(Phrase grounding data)

# # #

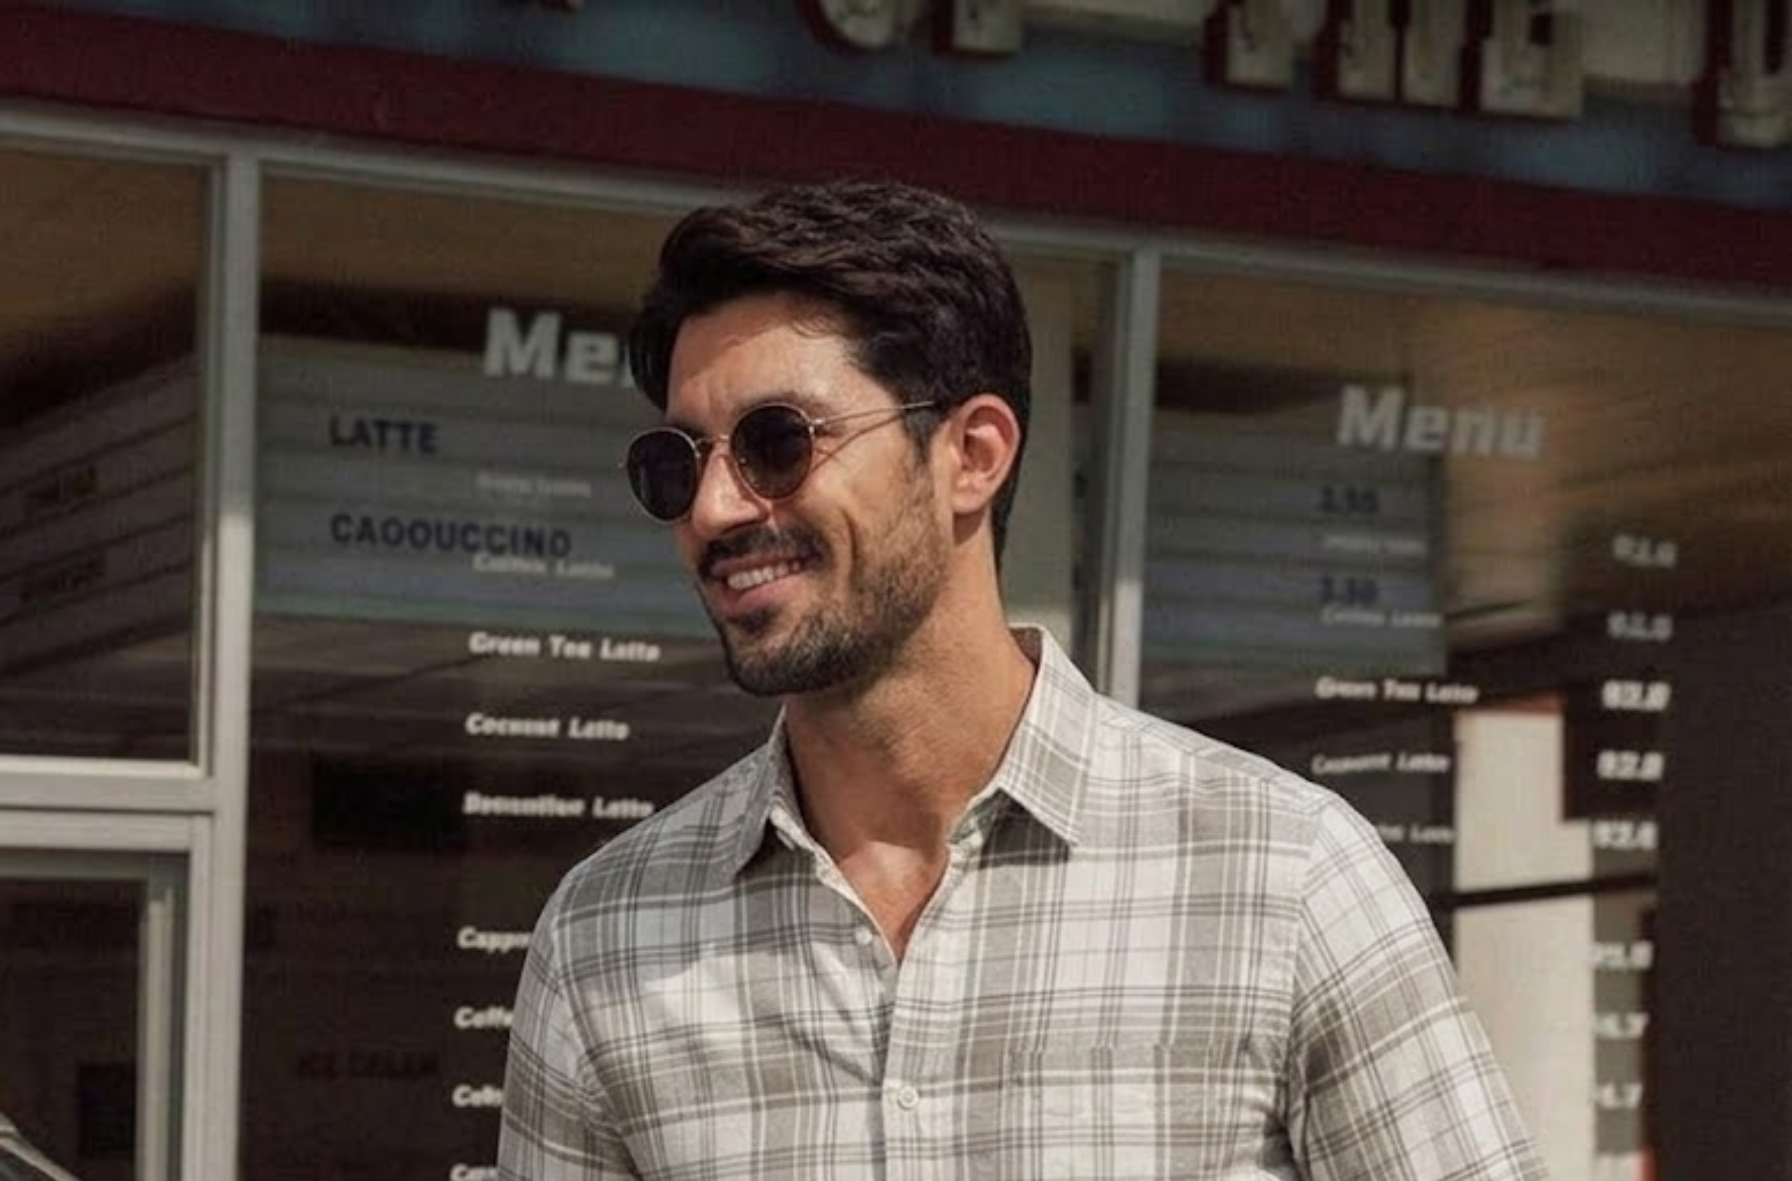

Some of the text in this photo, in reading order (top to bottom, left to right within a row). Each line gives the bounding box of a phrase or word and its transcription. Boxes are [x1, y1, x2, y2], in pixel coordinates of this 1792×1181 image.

[328, 415, 440, 455] LATTE
[1336, 383, 1547, 463] Menu
[468, 631, 541, 656] Green
[599, 638, 661, 663] Latte
[568, 717, 630, 741] Latte
[592, 797, 655, 819] Latte
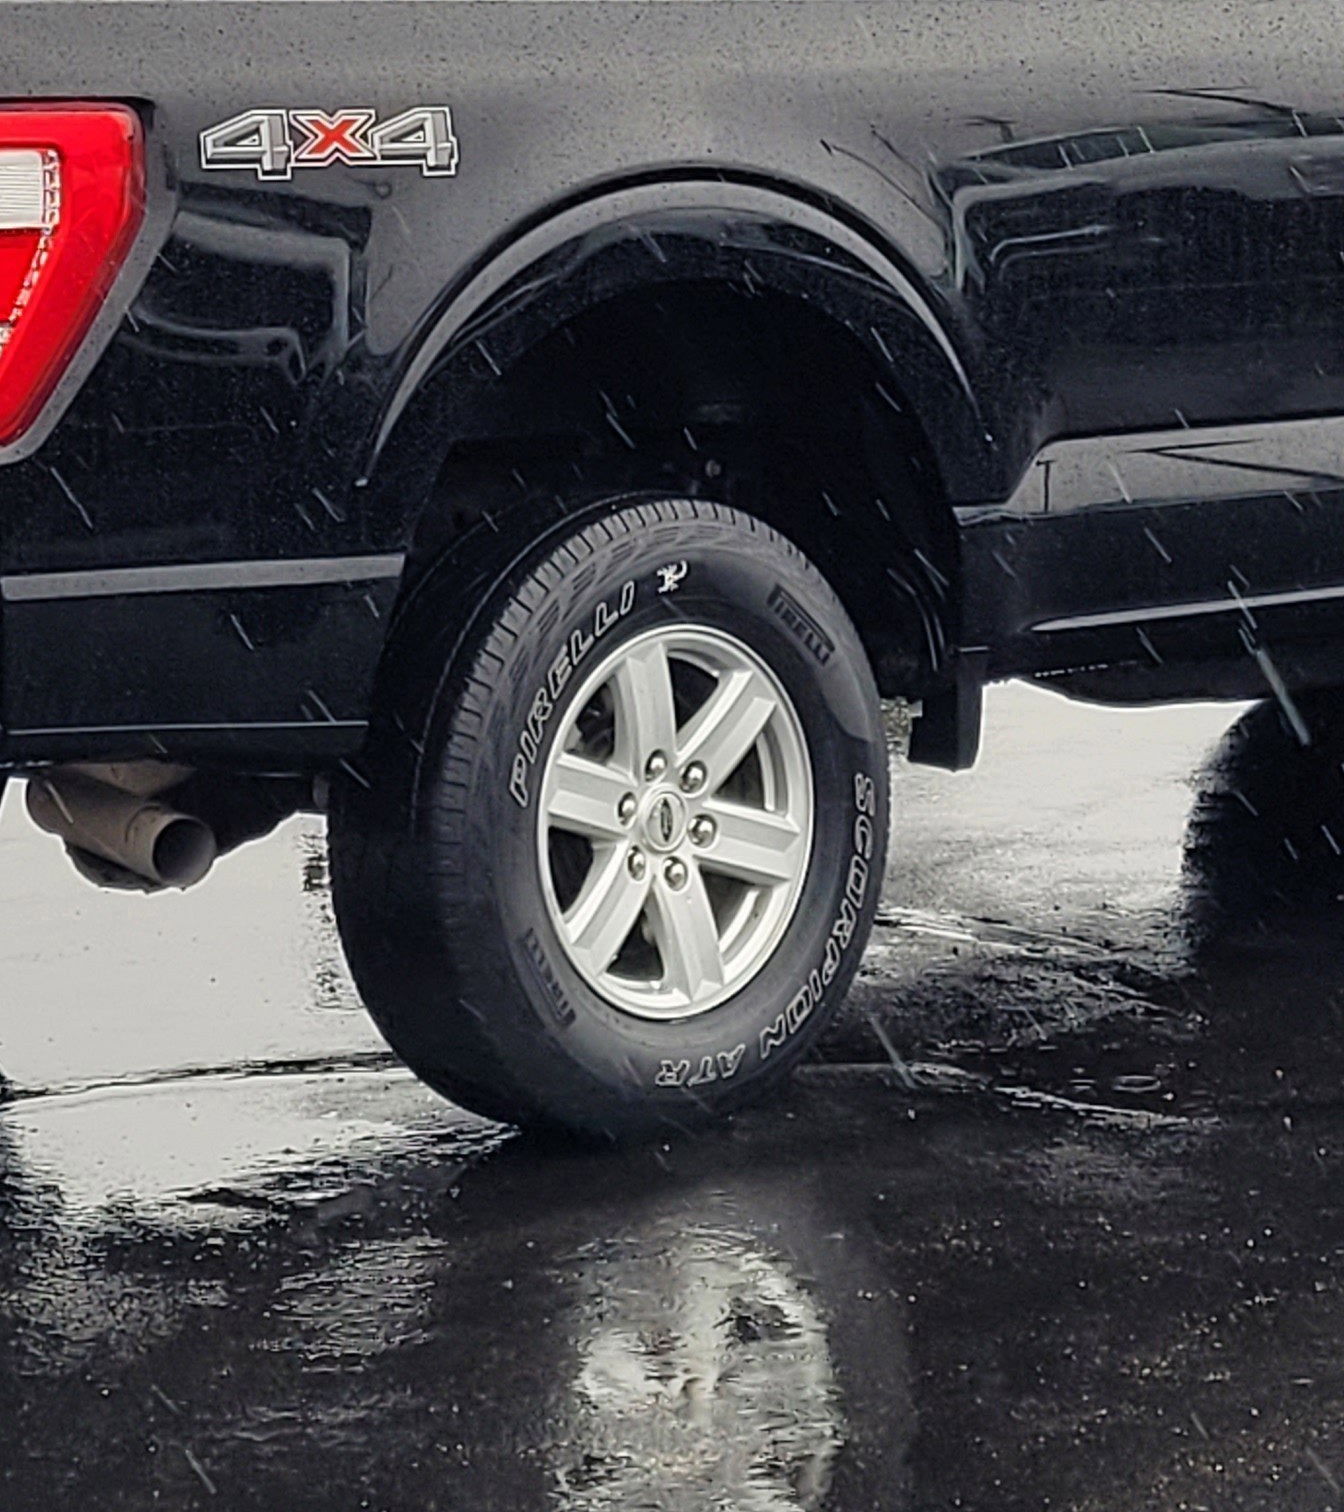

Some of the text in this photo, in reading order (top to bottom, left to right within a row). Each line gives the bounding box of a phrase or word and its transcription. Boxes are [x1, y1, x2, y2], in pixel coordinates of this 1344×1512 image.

# # #

§ **Activity**
Output all of the data exactly. Skip the pictures.

§ **Exercise solution**
Some of the text in this photo, in reading order (top to bottom, left to right within a row). Each line gives the bounding box of a phrase or word and its transcription. Boxes are [x1, y1, x2, y2], in pixel coordinates of this 1792×1181 image.

[328, 415, 440, 455] LATTE
[1336, 383, 1547, 463] Menu
[468, 631, 541, 656] Green
[599, 638, 661, 663] Latte
[568, 717, 630, 741] Latte
[592, 797, 655, 819] Latte

Some of the text in this photo, in reading order (top to bottom, left to right within a row). Each line gives the bounding box of a phrase or word and its transcription. Boxes are [x1, y1, x2, y2], in pixel coordinates of this 1344×1512 image.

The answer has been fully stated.